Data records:

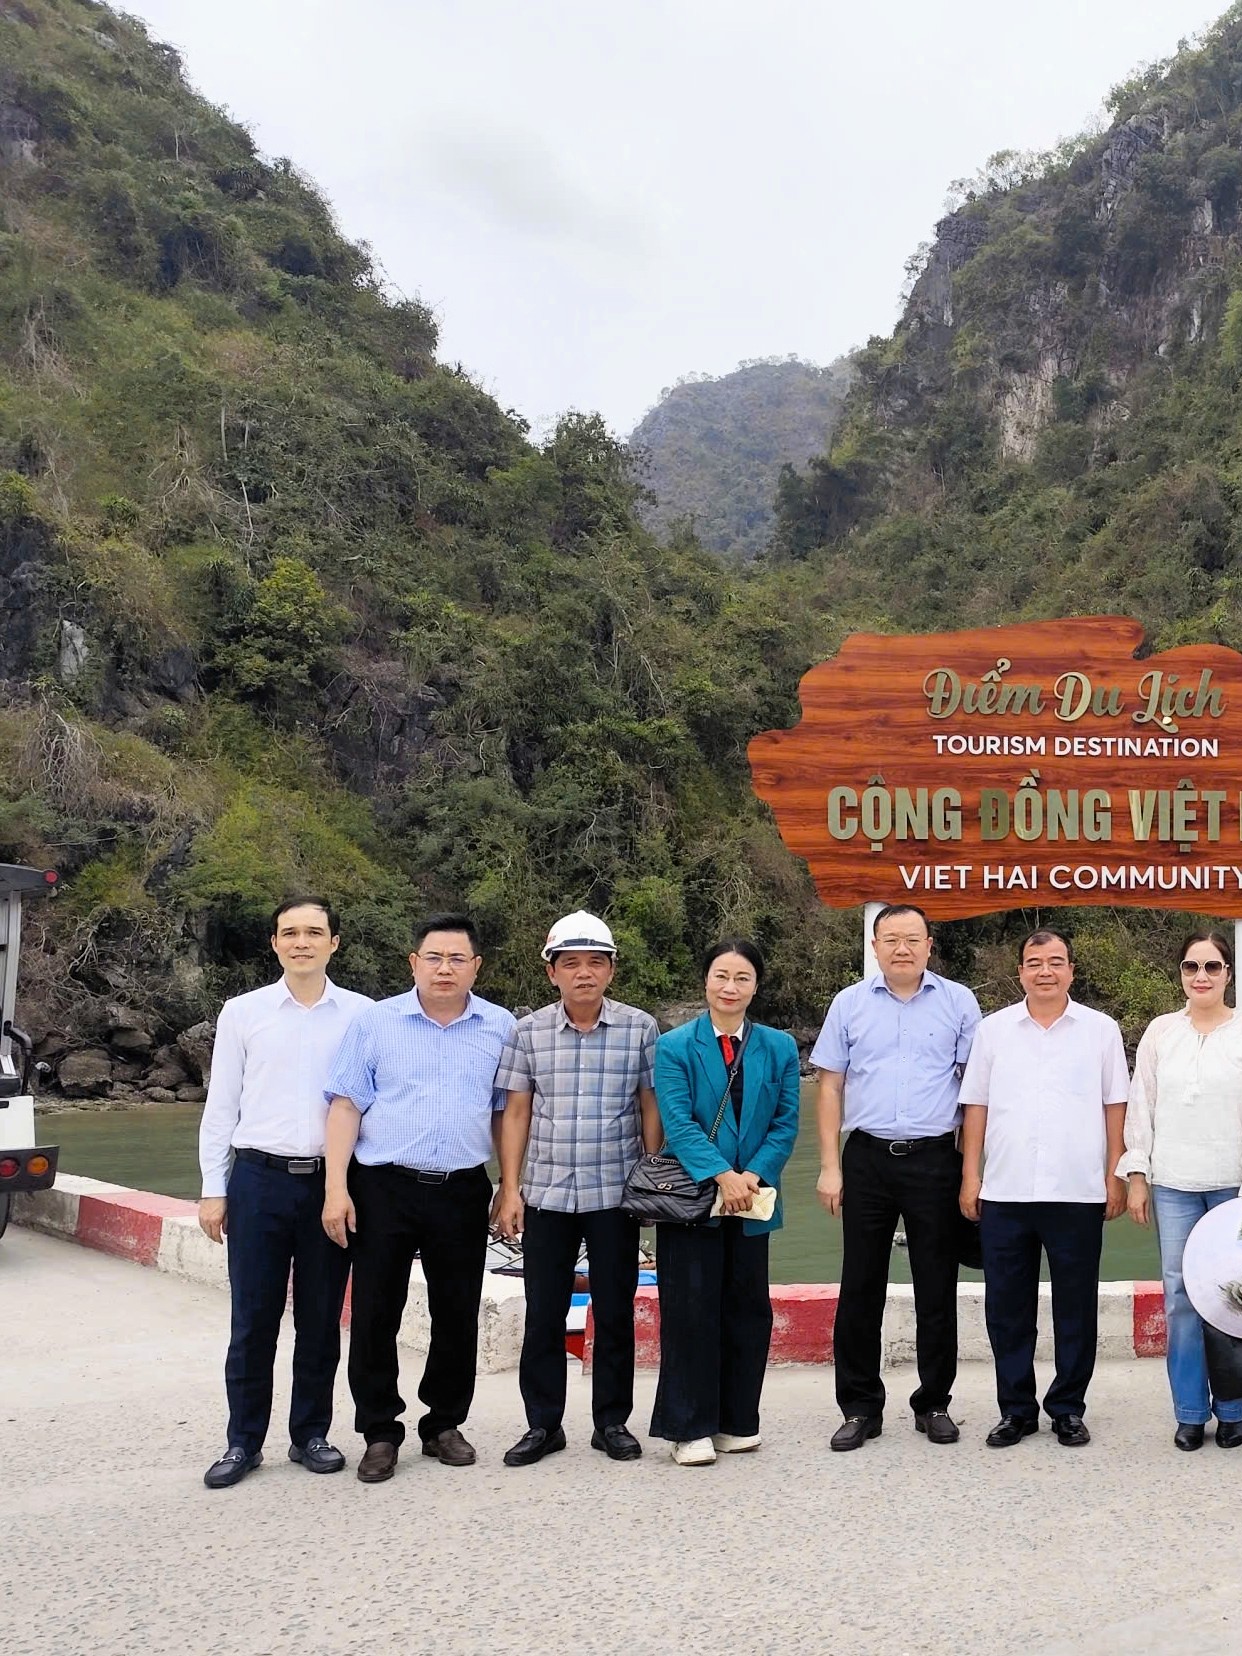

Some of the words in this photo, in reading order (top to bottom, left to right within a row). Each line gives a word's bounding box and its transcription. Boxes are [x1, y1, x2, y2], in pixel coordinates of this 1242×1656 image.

[923, 657, 1046, 719] Điểm
[1054, 671, 1125, 722] Du
[1131, 668, 1228, 734] Lịch
[932, 735, 1046, 756] TOURISM
[1054, 737, 1219, 757] DESTINATION
[827, 774, 962, 852] CỘNG
[978, 768, 1112, 842] ĐỒNG
[1128, 778, 1227, 852] VIỆT
[899, 865, 972, 890] VIET
[983, 866, 1038, 890] HAI
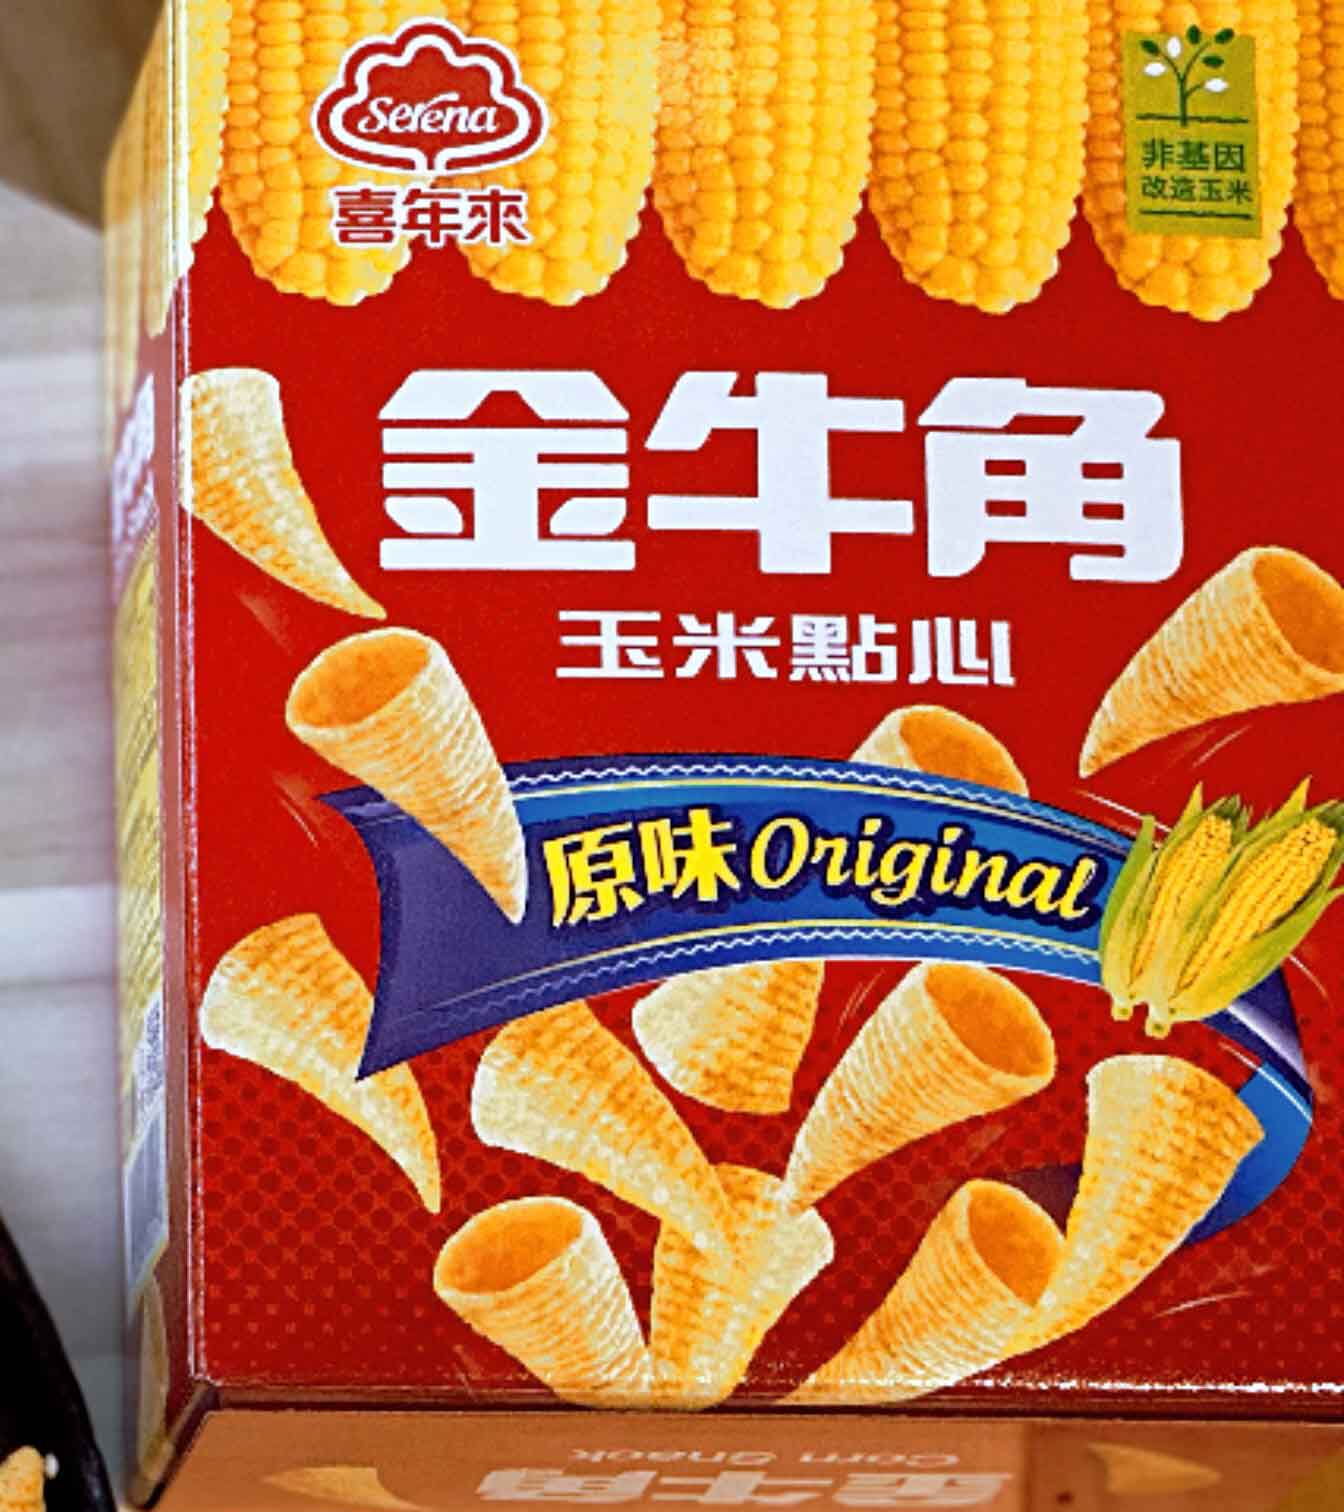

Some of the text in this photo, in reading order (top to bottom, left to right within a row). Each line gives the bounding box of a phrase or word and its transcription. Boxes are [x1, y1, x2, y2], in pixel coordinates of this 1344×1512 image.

[357, 91, 500, 133] Serena
[1141, 138, 1246, 172] 非基因
[1140, 175, 1253, 204] 改造玉米
[332, 186, 529, 243] 喜年來
[376, 369, 1185, 584] 金牛角
[555, 609, 1017, 688] 玉米點心
[541, 808, 1098, 929] 原味 Original
[572, 1447, 960, 1468] Corn Snack
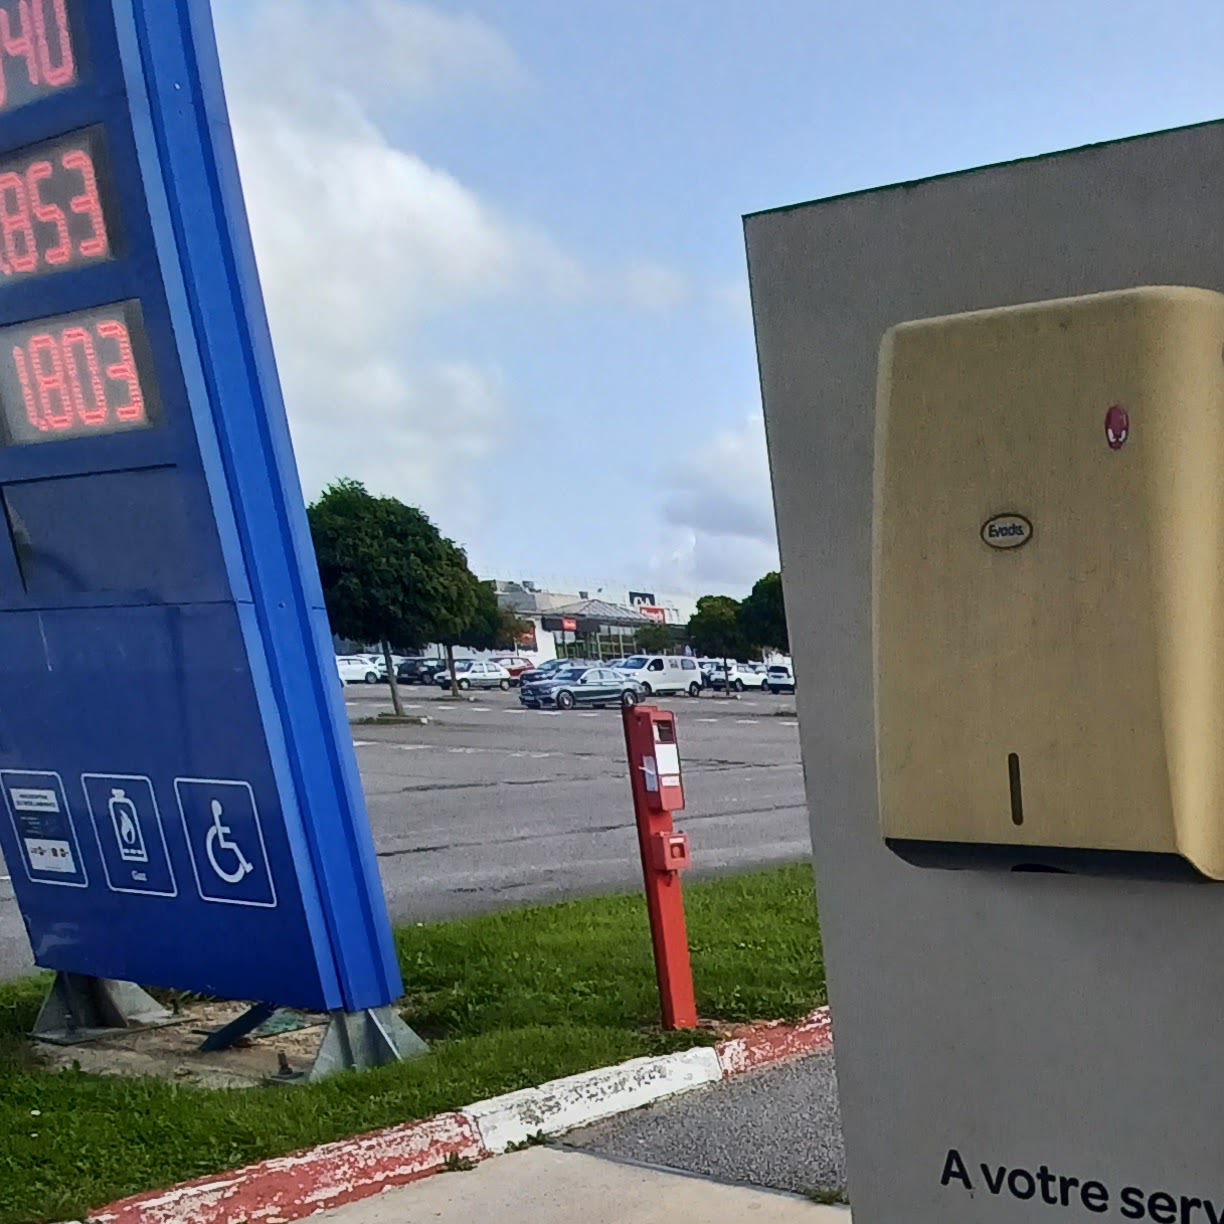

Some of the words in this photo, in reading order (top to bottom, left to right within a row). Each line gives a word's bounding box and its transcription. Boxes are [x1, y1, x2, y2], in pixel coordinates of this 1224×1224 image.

[0, 0, 74, 106] 40
[941, 1148, 973, 1190] A
[980, 1163, 1109, 1214] votre
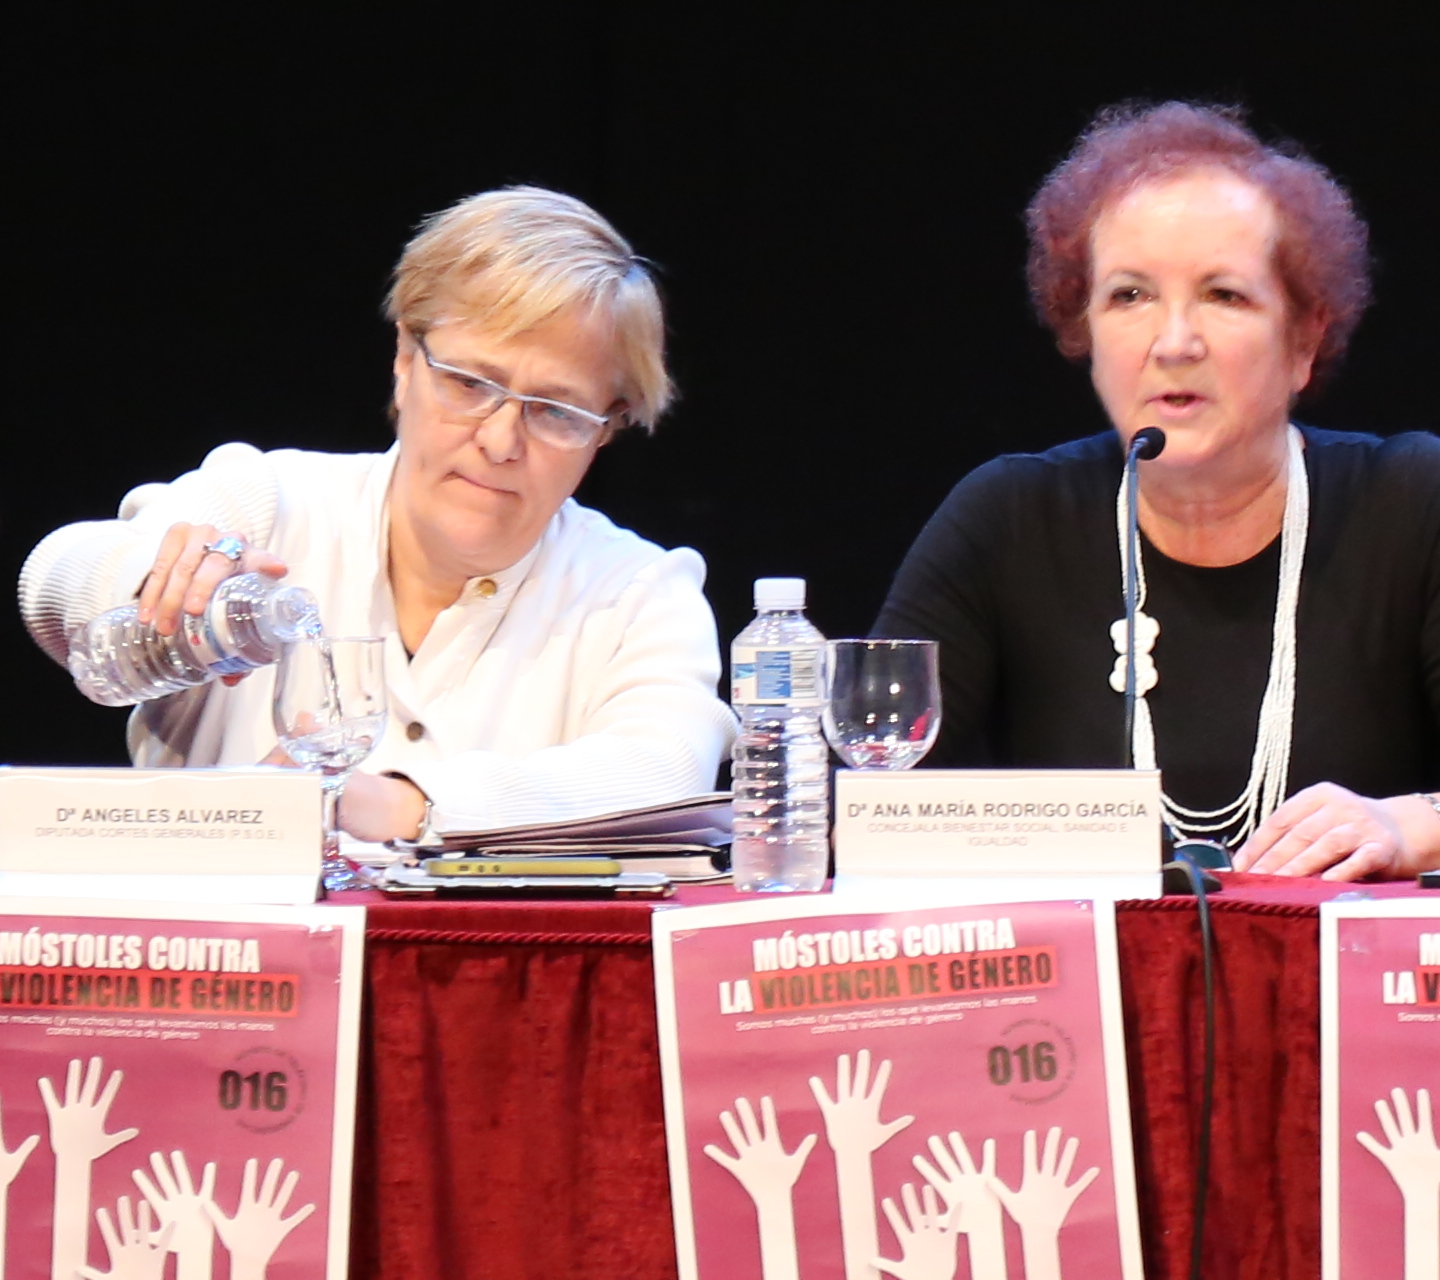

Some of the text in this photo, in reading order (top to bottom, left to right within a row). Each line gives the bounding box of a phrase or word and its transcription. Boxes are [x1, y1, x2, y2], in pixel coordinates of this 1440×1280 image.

[81, 808, 170, 823] ANGELES
[176, 809, 263, 824] ALVAREZ
[872, 803, 910, 818] ANA
[918, 800, 977, 818] MARÍA
[983, 803, 1070, 818] RODRIGO
[1076, 800, 1148, 818] GARCÍA
[148, 936, 261, 972] CONTRA
[752, 918, 1016, 972] MÓSTOLES CONTRA
[149, 976, 181, 1008] DE
[190, 972, 294, 1012] GÉNERO
[719, 952, 1053, 1014] LA VIOLENCIA DE GÉNERO
[1382, 971, 1417, 1004] LA
[987, 1041, 1057, 1086] 016
[218, 1069, 287, 1111] 016

* EXERCISE OBJECTIVE *
Without including the pictures, reproduce all entries exactly.

* SOLVED PROBLEM *
Some of the words in this photo, in reading order (top to bottom, left to right within a row). Each line gives a word's bounding box and its transcription. Boxes are [x1, y1, x2, y2], in pixel coordinates of this 1242×1656 image.

[923, 657, 1046, 719] Điểm
[1054, 671, 1125, 722] Du
[1131, 668, 1228, 734] Lịch
[932, 735, 1046, 756] TOURISM
[1054, 737, 1219, 757] DESTINATION
[827, 774, 962, 852] CỘNG
[978, 768, 1112, 842] ĐỒNG
[1128, 778, 1227, 852] VIỆT
[899, 865, 972, 890] VIET
[983, 866, 1038, 890] HAI

Some of the text in this photo, in reading order (top to bottom, left to right within a row). Each line gives the bounding box of a phrase or word and its transcription. Boxes are [x1, y1, x2, y2], in pixel coordinates of this 1344×1512 image.

[357, 91, 500, 133] Serena
[1141, 138, 1246, 172] 非基因
[1140, 175, 1253, 204] 改造玉米
[332, 186, 529, 243] 喜年來
[376, 369, 1185, 584] 金牛角
[555, 609, 1017, 688] 玉米點心
[541, 808, 1098, 929] 原味 Original
[572, 1447, 960, 1468] Corn Snack

Some of the words in this photo, in reading order (top to bottom, left to right within a row). Each line gives a word's bounding box and its transcription. Boxes are [x1, y1, x2, y2], in pixel coordinates of this 1224×1224 image.

[0, 0, 74, 106] 40
[941, 1148, 973, 1190] A
[980, 1163, 1109, 1214] votre

Some of the text in this photo, in reading order (top to bottom, left to right within a row). Each line gives the bounding box of a phrase or word and its transcription. Boxes are [x1, y1, x2, y2], in pixel coordinates of this 1440×1280 image.

[81, 808, 170, 823] ANGELES
[176, 809, 263, 824] ALVAREZ
[872, 803, 910, 818] ANA
[918, 800, 977, 818] MARÍA
[983, 803, 1070, 818] RODRIGO
[1076, 800, 1148, 818] GARCÍA
[148, 936, 261, 972] CONTRA
[752, 918, 1016, 972] MÓSTOLES CONTRA
[149, 976, 181, 1008] DE
[190, 972, 294, 1012] GÉNERO
[719, 952, 1053, 1014] LA VIOLENCIA DE GÉNERO
[1382, 971, 1417, 1004] LA
[987, 1041, 1057, 1086] 016
[218, 1069, 287, 1111] 016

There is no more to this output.